● **EXERCISE**: If an entry below holds a picture, leave the picture out and print the rest exactly.

[Stored data entries]

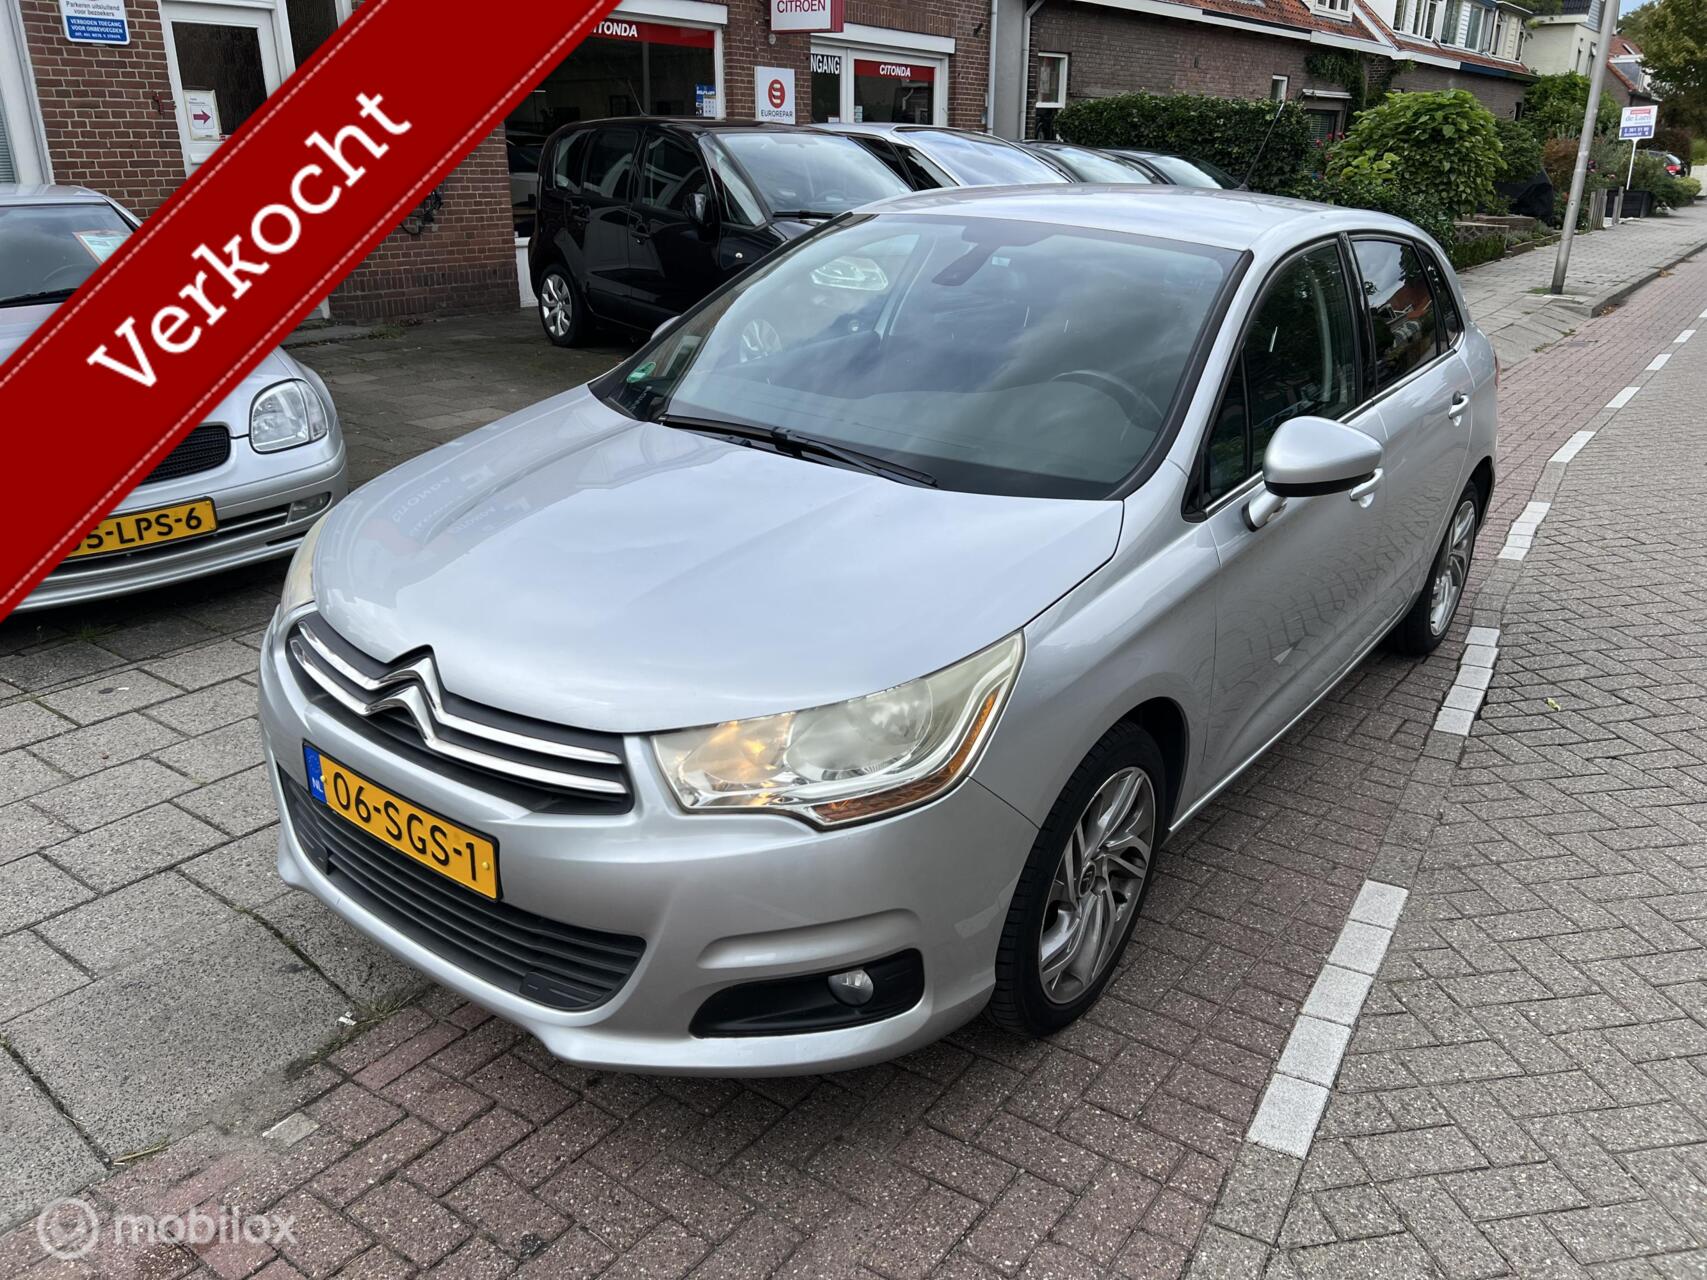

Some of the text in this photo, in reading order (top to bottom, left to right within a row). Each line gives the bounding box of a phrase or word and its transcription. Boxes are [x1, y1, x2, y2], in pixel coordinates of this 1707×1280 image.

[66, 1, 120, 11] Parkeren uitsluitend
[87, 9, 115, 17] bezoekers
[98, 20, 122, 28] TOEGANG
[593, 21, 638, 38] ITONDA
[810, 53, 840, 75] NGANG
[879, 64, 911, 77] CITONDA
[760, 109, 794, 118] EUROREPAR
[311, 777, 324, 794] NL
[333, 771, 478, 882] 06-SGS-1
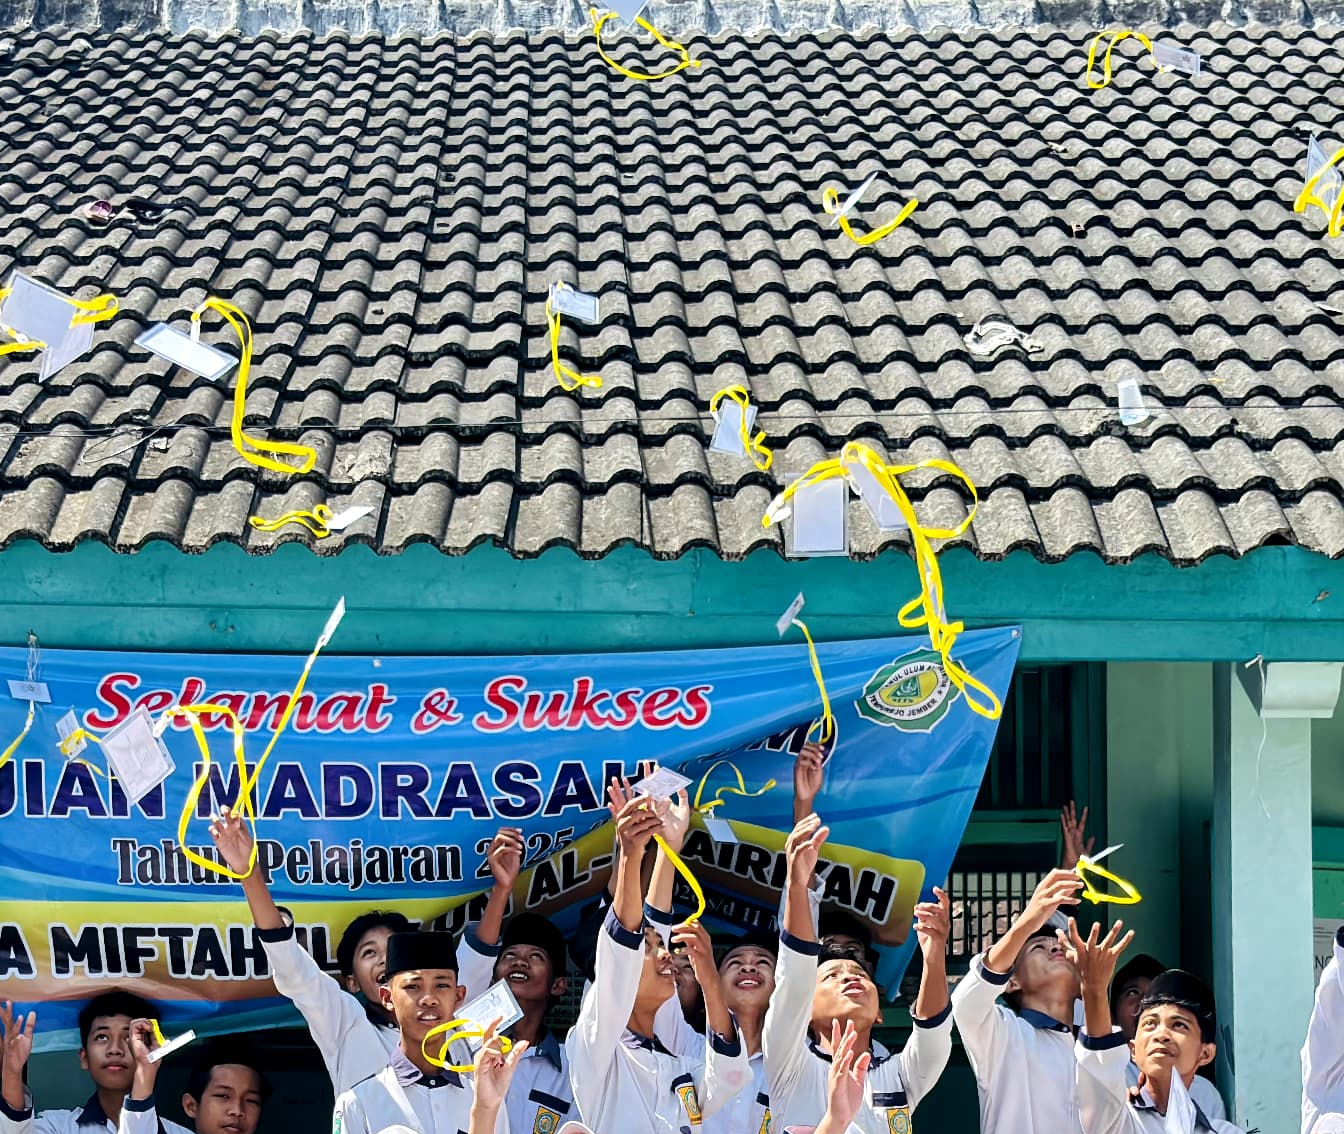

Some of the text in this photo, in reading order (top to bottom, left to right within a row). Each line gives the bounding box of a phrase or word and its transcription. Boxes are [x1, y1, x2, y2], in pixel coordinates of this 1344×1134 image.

● **RESPONSE AREA**:
Some of the text in this photo, in reading order (top to bottom, left to right within a row). Each line gives the bounding box of a phrase or word and its transcription. Boxes are [x1, y1, x2, y2], in pixel coordinates of this 1707×1280 image.

[66, 1, 120, 11] Parkeren uitsluitend
[87, 9, 115, 17] bezoekers
[98, 20, 122, 28] TOEGANG
[593, 21, 638, 38] ITONDA
[810, 53, 840, 75] NGANG
[879, 64, 911, 77] CITONDA
[760, 109, 794, 118] EUROREPAR
[311, 777, 324, 794] NL
[333, 771, 478, 882] 06-SGS-1

Some of the text in this photo, in reading order (top to bottom, left to right within a row). Each line gives the bounding box of a phrase or word and its transcription. Boxes are [x1, y1, x2, y2], in pixel coordinates of this 1344×1134 image.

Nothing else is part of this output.